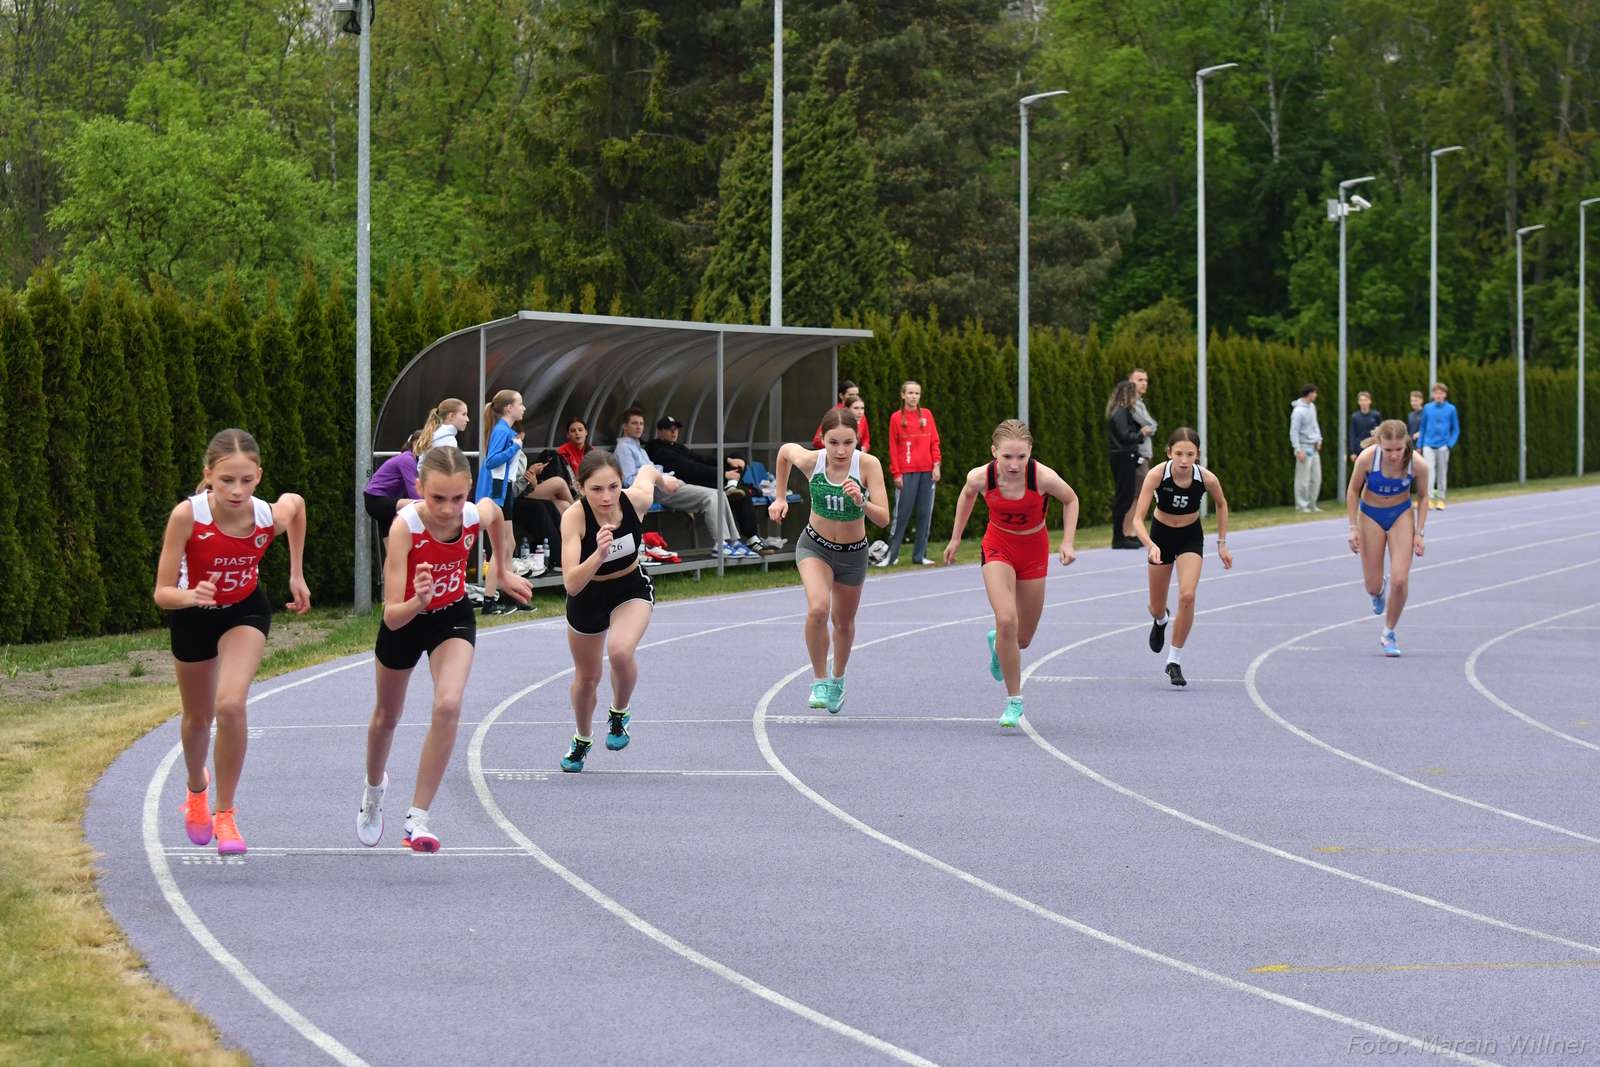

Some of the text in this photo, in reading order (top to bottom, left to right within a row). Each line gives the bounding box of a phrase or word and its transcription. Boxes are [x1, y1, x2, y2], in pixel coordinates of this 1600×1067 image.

[825, 494, 845, 512] 111
[1172, 495, 1189, 508] 55
[817, 537, 843, 551] PRO
[214, 555, 257, 567] PIAST
[431, 559, 465, 572] IAST
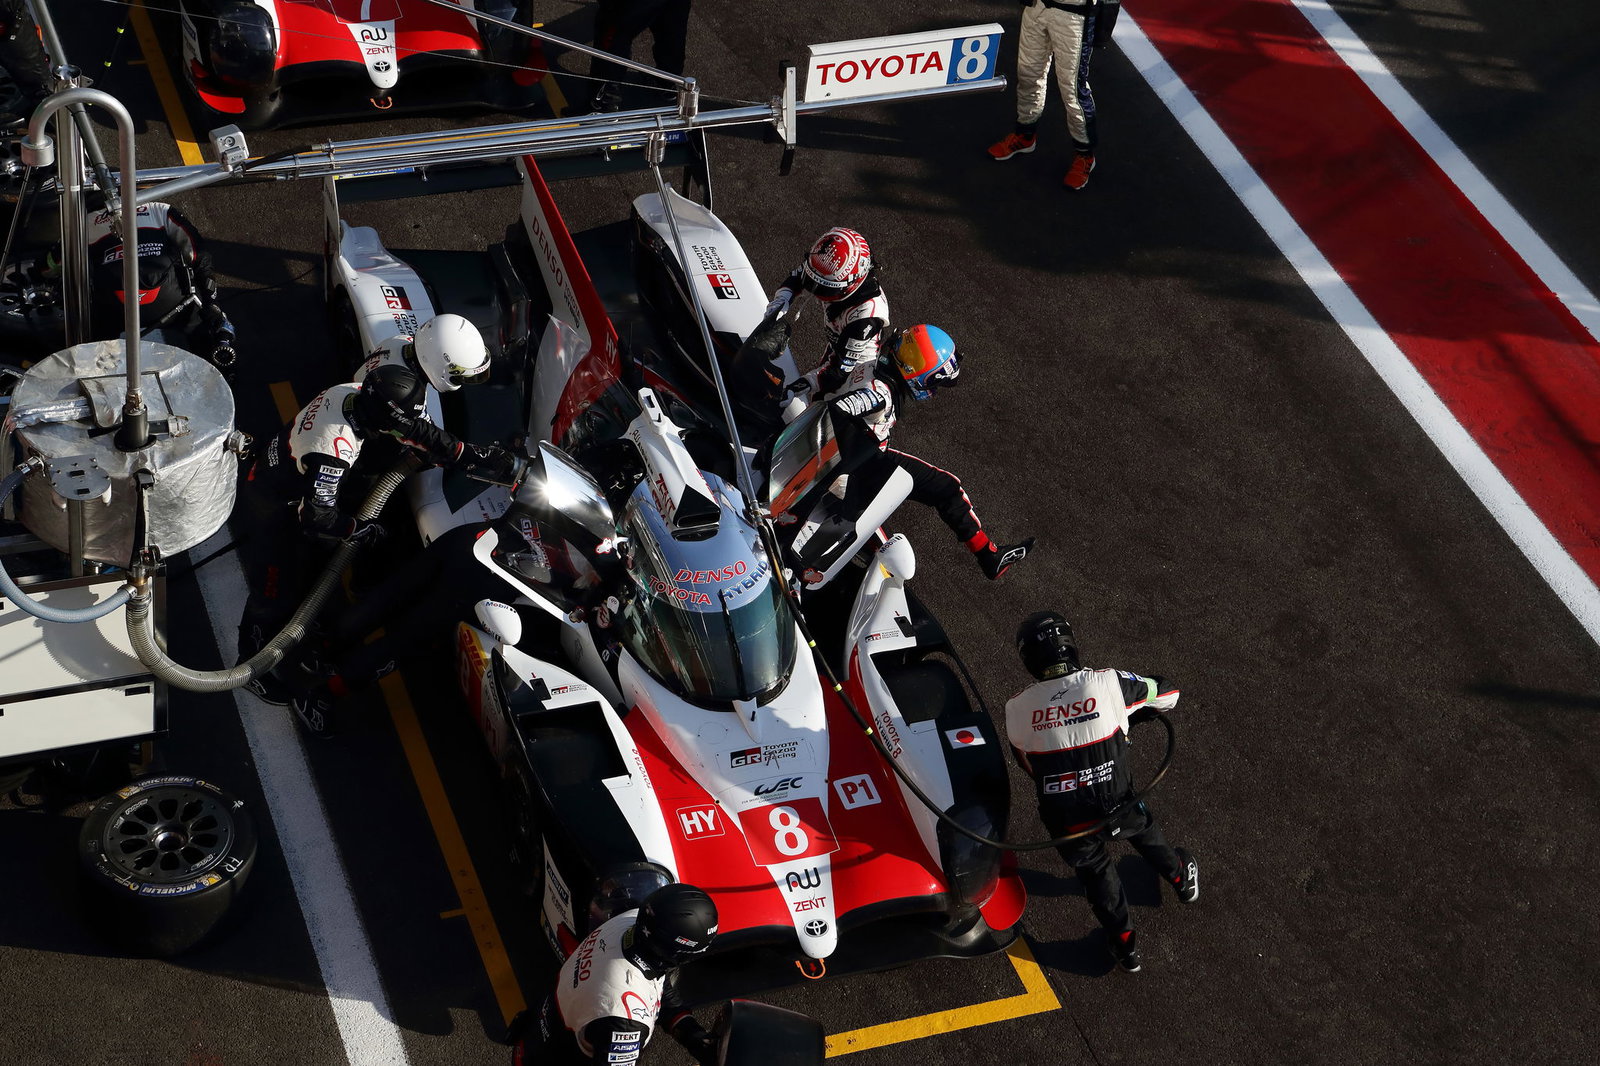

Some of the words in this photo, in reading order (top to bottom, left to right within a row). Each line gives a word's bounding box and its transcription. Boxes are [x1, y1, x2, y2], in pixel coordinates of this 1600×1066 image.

[365, 46, 390, 55] ZENT
[816, 51, 944, 86] TOYOTA
[956, 35, 990, 80] 8
[532, 216, 563, 287] DENSO
[692, 245, 710, 271] TOYOTA
[701, 246, 718, 271] GAZOO
[709, 246, 726, 271] Racing
[381, 286, 404, 310] GR
[714, 274, 740, 299] GR
[400, 313, 415, 337] GAZO
[322, 467, 342, 475] JTEKT
[674, 560, 748, 584] DENSO
[721, 561, 769, 600] HYBRID
[649, 574, 712, 605] TOYOTA
[1032, 697, 1097, 725] DENSO
[1032, 719, 1064, 732] TOYOTA
[1065, 711, 1100, 727] HYBRID
[875, 715, 893, 751] HYBRID
[881, 710, 900, 745] TOYOTA
[893, 747, 902, 759] 8
[763, 741, 798, 751] TOYOTA
[763, 747, 796, 756] GAZOO
[764, 752, 796, 762] Racing
[731, 750, 762, 768] GR
[1079, 760, 1115, 777] TOYOTA
[140, 776, 194, 788] MICHELIN
[754, 777, 803, 796] WEC
[1045, 778, 1076, 793] GR
[1080, 767, 1113, 783] GAZOO
[841, 779, 875, 804] P1
[680, 809, 716, 835] HY
[769, 805, 809, 856] 8
[141, 883, 197, 895] MICHELIN
[793, 896, 827, 913] ZENT
[579, 929, 602, 982] DENSO
[613, 1043, 638, 1051] AISIN
[614, 1033, 639, 1042] JTEKT
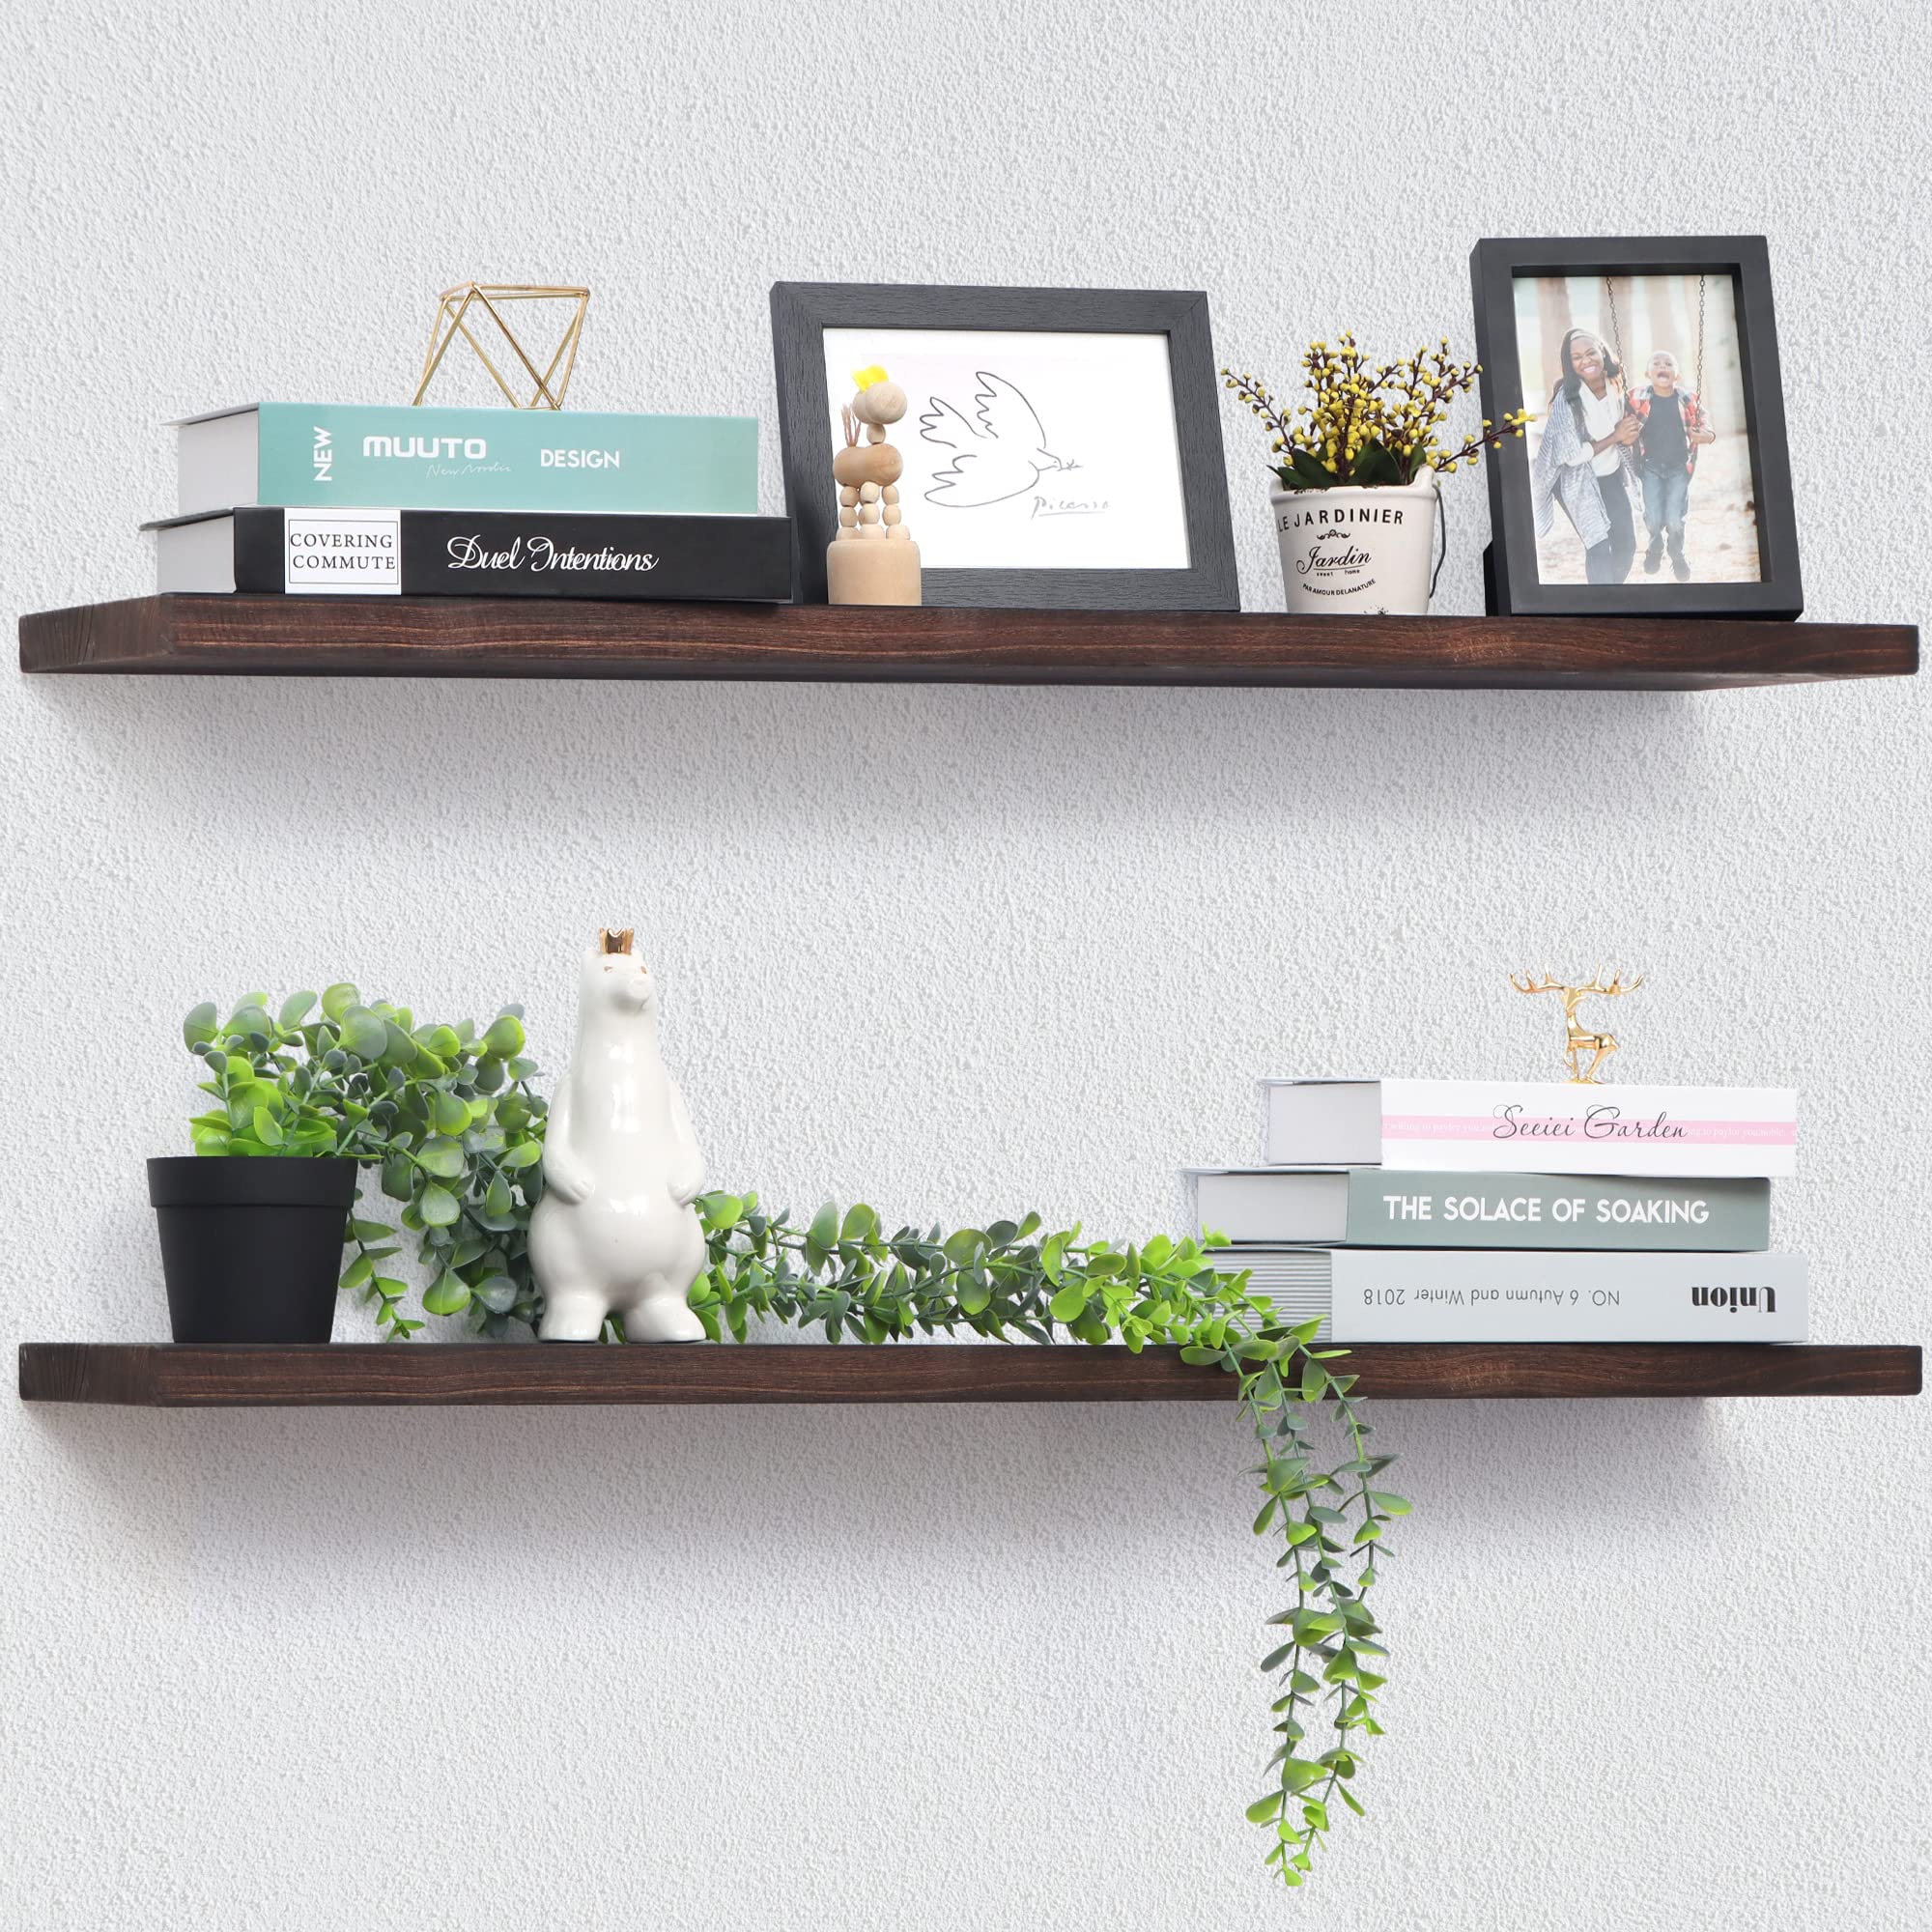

* **WHAT THE TASK REQUIRES**
The answer consists solely of the lines from the one holding "Some of the words" through the last line of the entries above, set down verbatim, without any pictures.

* **EXERCISE RESPONSE**
Some of the words in this photo, in reading order (top to bottom, left to right within a row). Each line gives a word's bounding box and its transcription. Boxes are [x1, y1, x2, y2], in pixel coordinates of this 1600×1066 image.

[365, 46, 390, 55] ZENT
[816, 51, 944, 86] TOYOTA
[956, 35, 990, 80] 8
[532, 216, 563, 287] DENSO
[692, 245, 710, 271] TOYOTA
[701, 246, 718, 271] GAZOO
[709, 246, 726, 271] Racing
[381, 286, 404, 310] GR
[714, 274, 740, 299] GR
[400, 313, 415, 337] GAZO
[322, 467, 342, 475] JTEKT
[674, 560, 748, 584] DENSO
[721, 561, 769, 600] HYBRID
[649, 574, 712, 605] TOYOTA
[1032, 697, 1097, 725] DENSO
[1032, 719, 1064, 732] TOYOTA
[1065, 711, 1100, 727] HYBRID
[875, 715, 893, 751] HYBRID
[881, 710, 900, 745] TOYOTA
[893, 747, 902, 759] 8
[763, 741, 798, 751] TOYOTA
[763, 747, 796, 756] GAZOO
[764, 752, 796, 762] Racing
[731, 750, 762, 768] GR
[1079, 760, 1115, 777] TOYOTA
[140, 776, 194, 788] MICHELIN
[754, 777, 803, 796] WEC
[1045, 778, 1076, 793] GR
[1080, 767, 1113, 783] GAZOO
[841, 779, 875, 804] P1
[680, 809, 716, 835] HY
[769, 805, 809, 856] 8
[141, 883, 197, 895] MICHELIN
[793, 896, 827, 913] ZENT
[579, 929, 602, 982] DENSO
[613, 1043, 638, 1051] AISIN
[614, 1033, 639, 1042] JTEKT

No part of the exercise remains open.